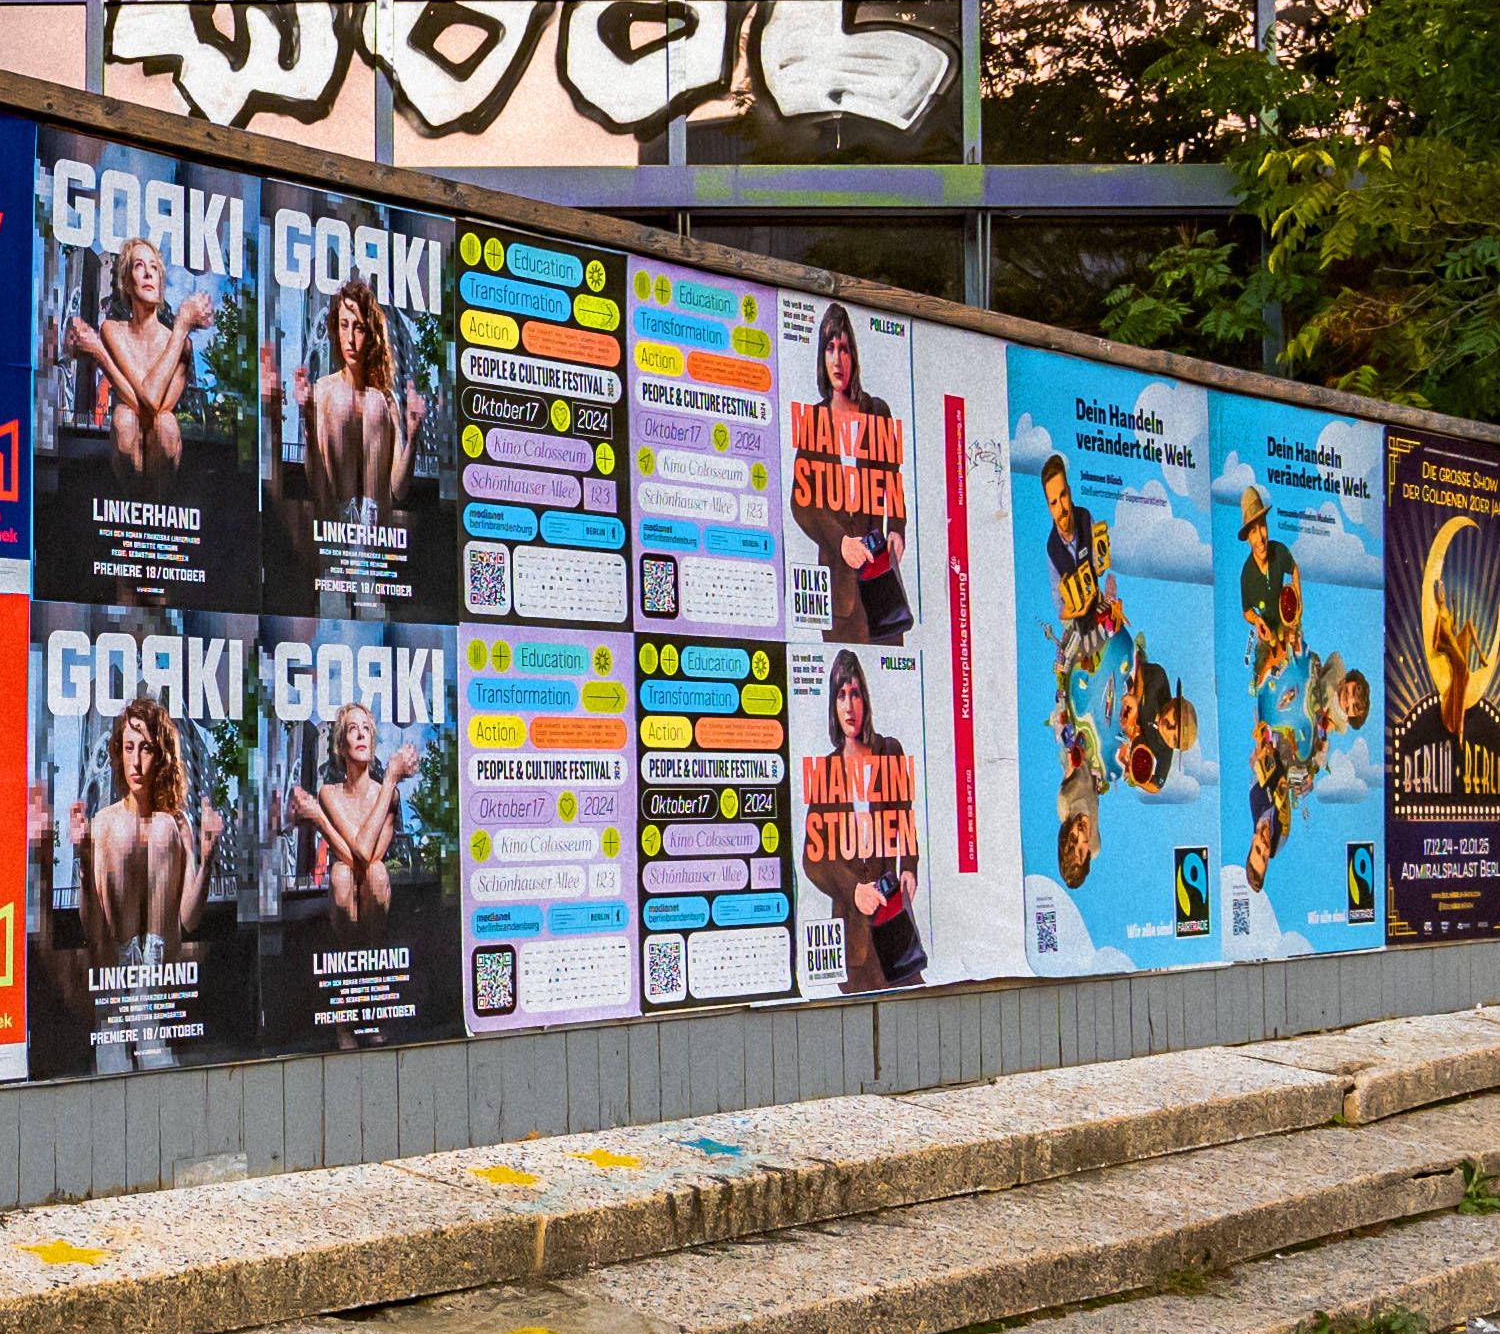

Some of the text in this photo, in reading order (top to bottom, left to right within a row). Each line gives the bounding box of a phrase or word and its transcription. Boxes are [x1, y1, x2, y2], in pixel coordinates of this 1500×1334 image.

[1075, 398, 1163, 435] Dein Handeln
[791, 401, 903, 464] MANZINI
[1076, 430, 1196, 468] verändert die Welt.
[1267, 435, 1342, 468] Dein Handeln
[794, 457, 904, 519] STUDIEN
[1268, 466, 1370, 499] verändert die Welt.
[93, 498, 200, 531] LINKERHAND
[313, 520, 407, 549] LINKERHAND
[794, 568, 828, 592] VOLKS
[794, 591, 829, 616] BÜHNE
[521, 648, 583, 669] Education.
[476, 683, 574, 706] Transformation.
[477, 760, 611, 780] PEOPLE & CULTURE FESTIVAL
[803, 755, 915, 804] MANZINI
[1403, 740, 1451, 794] BERLIN
[584, 797, 614, 816] 2024
[807, 809, 917, 863] STUDIEN
[313, 947, 409, 975] LINKERHAND
[88, 962, 198, 992] LINKERHAND
[90, 1028, 139, 1045] PREMIERE
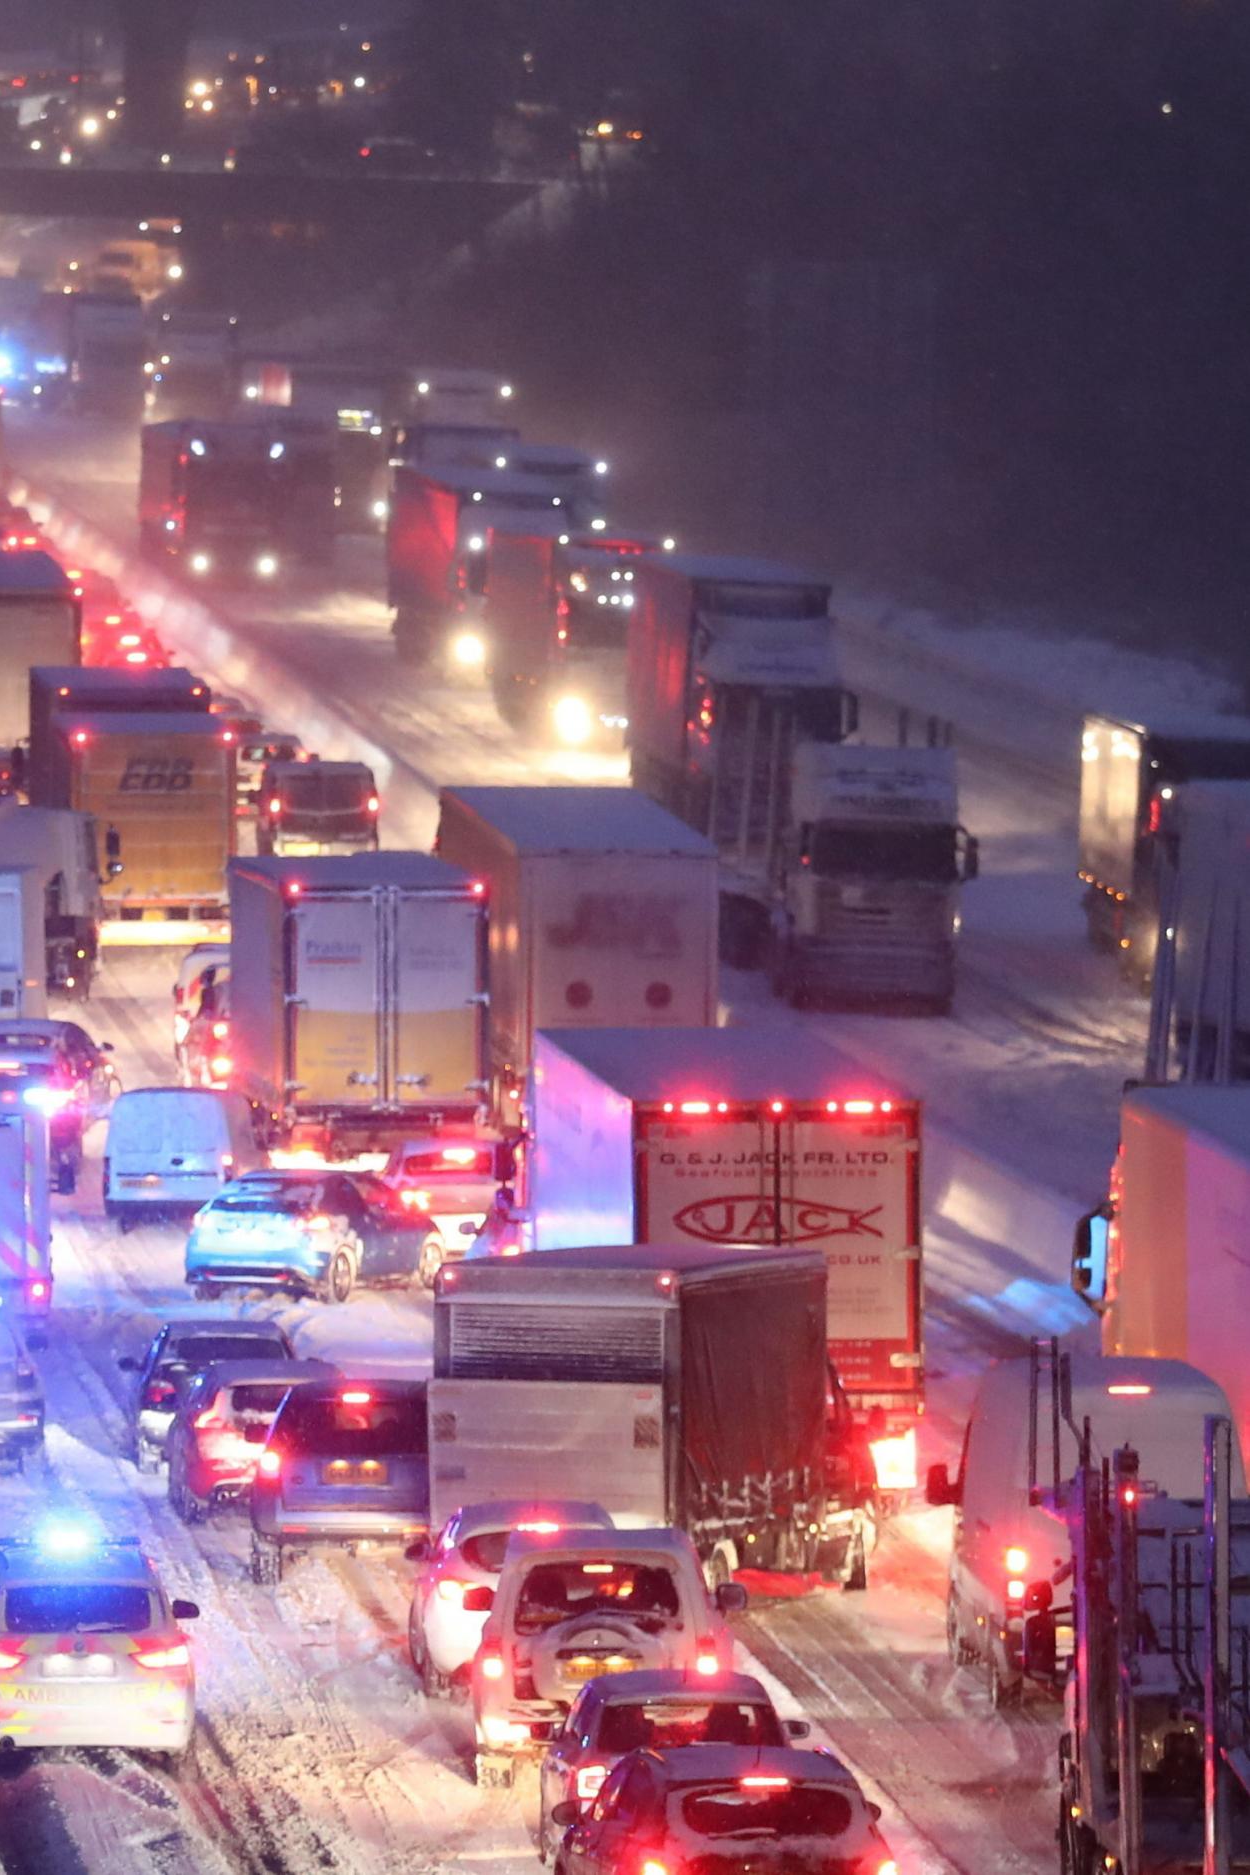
^^^^
**What you should do:** Please write out all the data again word for word, but not the pictures.

**Answer box:**
Some of the text in this photo, in reading order (top to bottom, left to right within a row). Each line gives the bounding box of a phrase or word and its transcription. Boxes are [x1, y1, x2, y2], in pixel coordinates of this 1500×1334 image.

[1075, 398, 1163, 435] Dein Handeln
[791, 401, 903, 464] MANZINI
[1076, 430, 1196, 468] verändert die Welt.
[1267, 435, 1342, 468] Dein Handeln
[794, 457, 904, 519] STUDIEN
[1268, 466, 1370, 499] verändert die Welt.
[93, 498, 200, 531] LINKERHAND
[313, 520, 407, 549] LINKERHAND
[794, 568, 828, 592] VOLKS
[794, 591, 829, 616] BÜHNE
[521, 648, 583, 669] Education.
[476, 683, 574, 706] Transformation.
[477, 760, 611, 780] PEOPLE & CULTURE FESTIVAL
[803, 755, 915, 804] MANZINI
[1403, 740, 1451, 794] BERLIN
[584, 797, 614, 816] 2024
[807, 809, 917, 863] STUDIEN
[313, 947, 409, 975] LINKERHAND
[88, 962, 198, 992] LINKERHAND
[90, 1028, 139, 1045] PREMIERE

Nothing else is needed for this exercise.